La consecuencia es que la coordinación depende más de acuerdos operativos que de mandatos regulatorios estructurales.
En escenarios de estrés, esa diferencia importa.
Un sistema moderno requiere interoperabilidad regulatoria.
No solo coexistencia normativa.
Cuando la regulación no contempla escenarios extremos, el impacto no es teórico.
Se traduce en:
Despacho forzado de combustibles más caros.
Incremento súbito de costos marginales.
Presión fiscal por subsidios eléctricos.
Vulnerabilidad industrial.
Incertidumbre en inversión energética.
La falta de planeación térmica no es un detalle técnico. Es un multiplicador de riesgo macroeconómico.
Existen tres factores que explican la inercia:
El gas ha sido históricamente barato.
Las interrupciones han sido episódicas, no permanentes.
La coordinación intersectorial implica reformas complejas.
Pero el bajo precio no elimina la exposición estructural.
La regulación energética moderna no puede limitarse a ordenar mercados. Debe anticipar escenarios físicos adversos.
Un modelo regulatorio avanzado debería incorporar:
Evaluaciones obligatorias de exposición térmica.
Indicadores públicos de dependencia estructural.
Requerimientos mínimos de almacenamiento proporcional.
Simulaciones periódicas de interrupción.
Coordinación vinculante gas-electricidad.
No se trata de sobrerregular.
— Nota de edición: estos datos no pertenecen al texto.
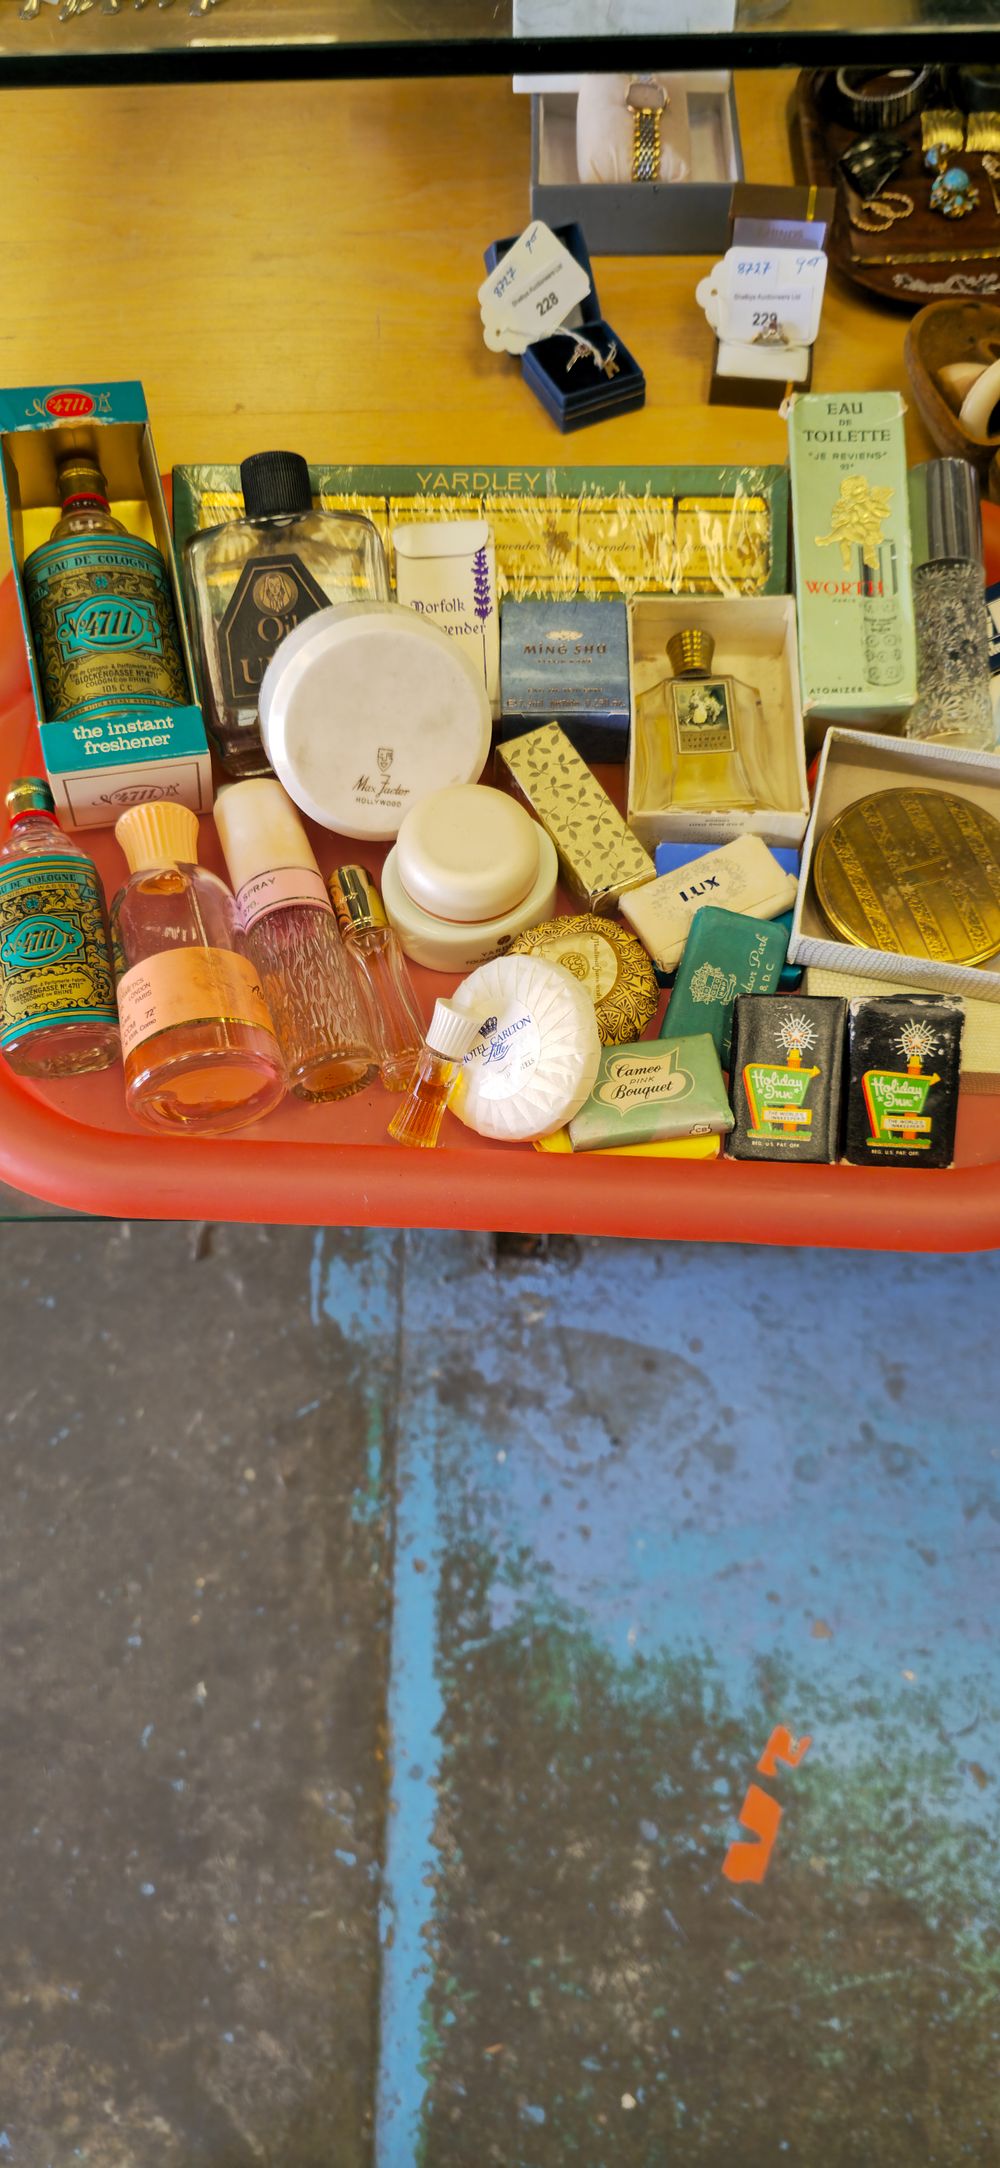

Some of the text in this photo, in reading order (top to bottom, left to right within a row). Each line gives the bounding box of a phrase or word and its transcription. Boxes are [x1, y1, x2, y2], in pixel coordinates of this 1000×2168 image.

Se trata de alinear norma y física.
La fragmentación regulatoria puede modelarse.
RegulaOps permite integrar obligaciones normativas, exposición por nodo térmico, dependencia contractual y escenarios de interrupción, generando mapas de riesgo estructural.
Sin integración tecnológica, la regulación opera en silos.
Con integración, el riesgo se cuantifica y se anticipa.
La dependencia externa ya fue expuesta.
La falla sistémica ya ocurrió.
El siguiente nivel de riesgo no está en el mercado, sino en la arquitectura regulatoria.
Cuando la regulación no incorpora planeación térmica obligatoria, el sistema funciona hasta que deja de hacerlo.
La resiliencia no surge por accidente.
Se diseña.
Y hoy, el diseño normativo del gas natural en México sigue incompleto frente a la realidad térmica del sistema eléctrico.